Max’s assassin’s mind turned back to the boy, questioned how any limitation on death was possible, and then, leaping ahead, if poison would work, or if it was too slow and divorced from the driving power of human will to be effective. The boy would no doubt survive snake bites, even spoiled food, so poison was probably not an effective tool. Traps might also lack the specificity of a killer’s purpose. Even the accidental and anonymous threats of a modern battle, with bombs and bullets sprayed into impersonal killing zones, would prove ineffective according to these new rules.
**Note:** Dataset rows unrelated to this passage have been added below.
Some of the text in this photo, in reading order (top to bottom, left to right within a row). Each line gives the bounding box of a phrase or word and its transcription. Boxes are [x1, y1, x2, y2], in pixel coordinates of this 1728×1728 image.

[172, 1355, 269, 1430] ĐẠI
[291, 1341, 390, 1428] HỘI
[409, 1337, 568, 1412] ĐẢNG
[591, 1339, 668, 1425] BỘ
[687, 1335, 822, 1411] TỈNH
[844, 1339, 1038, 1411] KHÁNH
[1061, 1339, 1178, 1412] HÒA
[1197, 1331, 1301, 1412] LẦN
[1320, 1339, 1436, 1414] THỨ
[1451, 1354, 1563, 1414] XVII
It was as if the child had emerged from a primal age when predators and their prey, or warriors and their enemies, decided each others’ fate with tooth and claw, spear or club, and disease or old age or accidents had not yet become death’s instruments. Only gods, or the murderous resolve of a mortal man, might end life. Like some ancient heroic warrior, or perhaps a monster risen from a deep pit, the boy was protected from all harm except the specific threat directed against only him.
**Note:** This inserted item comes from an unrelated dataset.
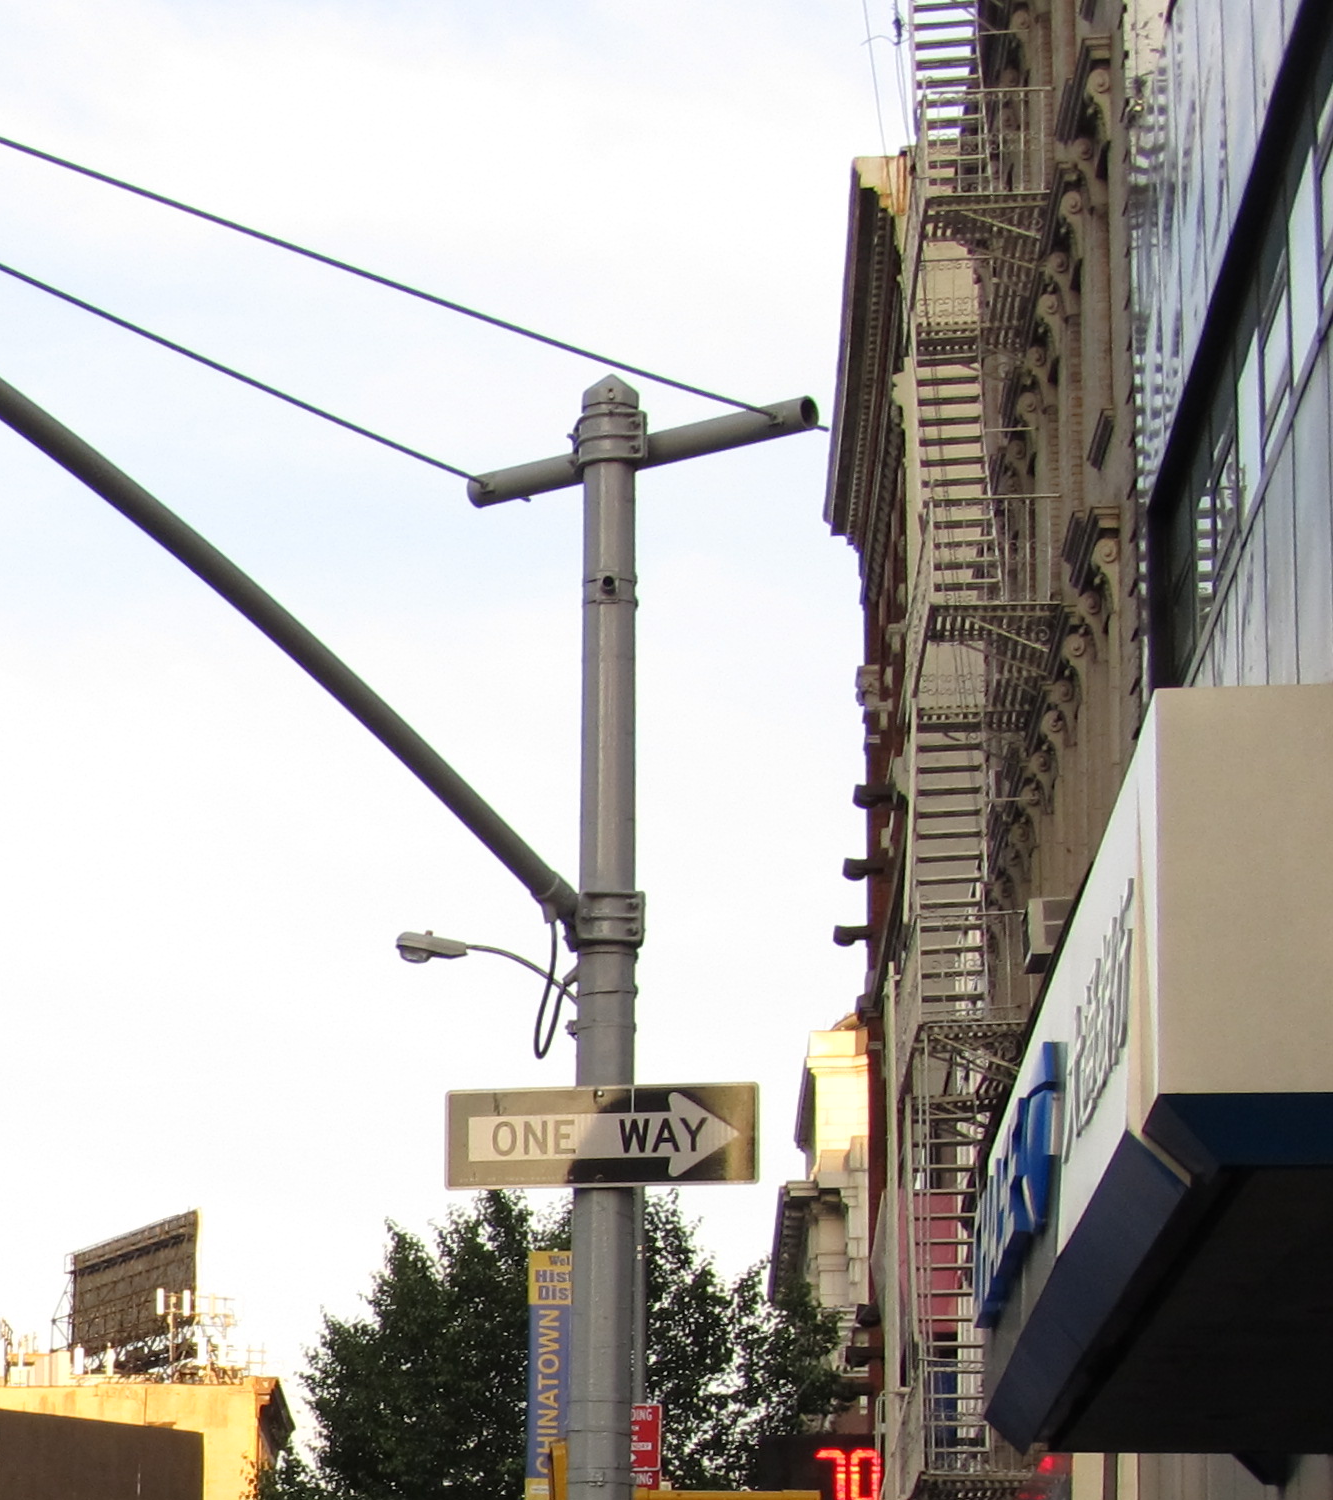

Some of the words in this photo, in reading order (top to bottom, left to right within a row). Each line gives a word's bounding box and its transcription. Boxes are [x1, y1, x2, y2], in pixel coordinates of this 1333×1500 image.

[491, 1118, 577, 1157] ONE
[619, 1116, 709, 1153] WAY
[536, 1308, 562, 1474] CHINATOWN
The infant boy understood his strength and vulnerability, if only with the instinct of a cornered animal. Max picked up the scent of trapped prey, as well as the reason for the boy’s fear and the caution of others.
Beyond the immediacy of the gun Max held pressed agains
t his body, the greatest threat to the boy was his own dependency: a bullet intended for someone carrying him conducted all the intention necessary to kill him. By the primal law in which the child existed, the death of a protector meant death to whatever had been sheltered. It was the same logic that made victorious armies slaughter the citizens of a conquered city.
Superstitious nonsense.
And yet, the truth and honesty of such reasoning resonated in both Max and the Beast.
But there was no such magical law in the real world.
Just as there could be no such thing as the Beast, with Max since his earliest memories, feeding and nurturing him on the bloody milk of death.
Max let the contradiction flutter away. He had to stick to figuring out what the boy was about in this world, not in some imaginary past or hallucinogenic present.
He moved to fire another warning shot, but the men were ready, tensing to rush as they watched his gun hand.
He put the gun back firmly pressed against the baby’s body. They’d figured out he might get three or four shots off before their numbers overwhelmed him.
The child meant that much to them.
The rules. Whatever their nature or truth, they explained the reasoning behind an RPG attack, broad enough perhaps in killing intention to clear away protectors without harming the child. The way he was being approached and the execution of the man who’d endangered the child told Max that at least the men before him believed in the rules he’d surmised, even if Max did not.
He couldn’t believe such things might exist.
Sudden movement made Max bring the gun down. Without a clear thought, he’d made the choice not to kill the boy.
A militiaman jumped forward, followed by two others from Max’s flanks.
Max put holes in all of their guts. Predictably, human instinct took over and the rest of the men froze for the first two shots.
Max took off, racing for the wall.
Shooting on the run, holding the baby to his chest, all the while tracking the closing net of his pursuers, he wasted five rounds taking out the two closest to cutting him off from the break in the wall.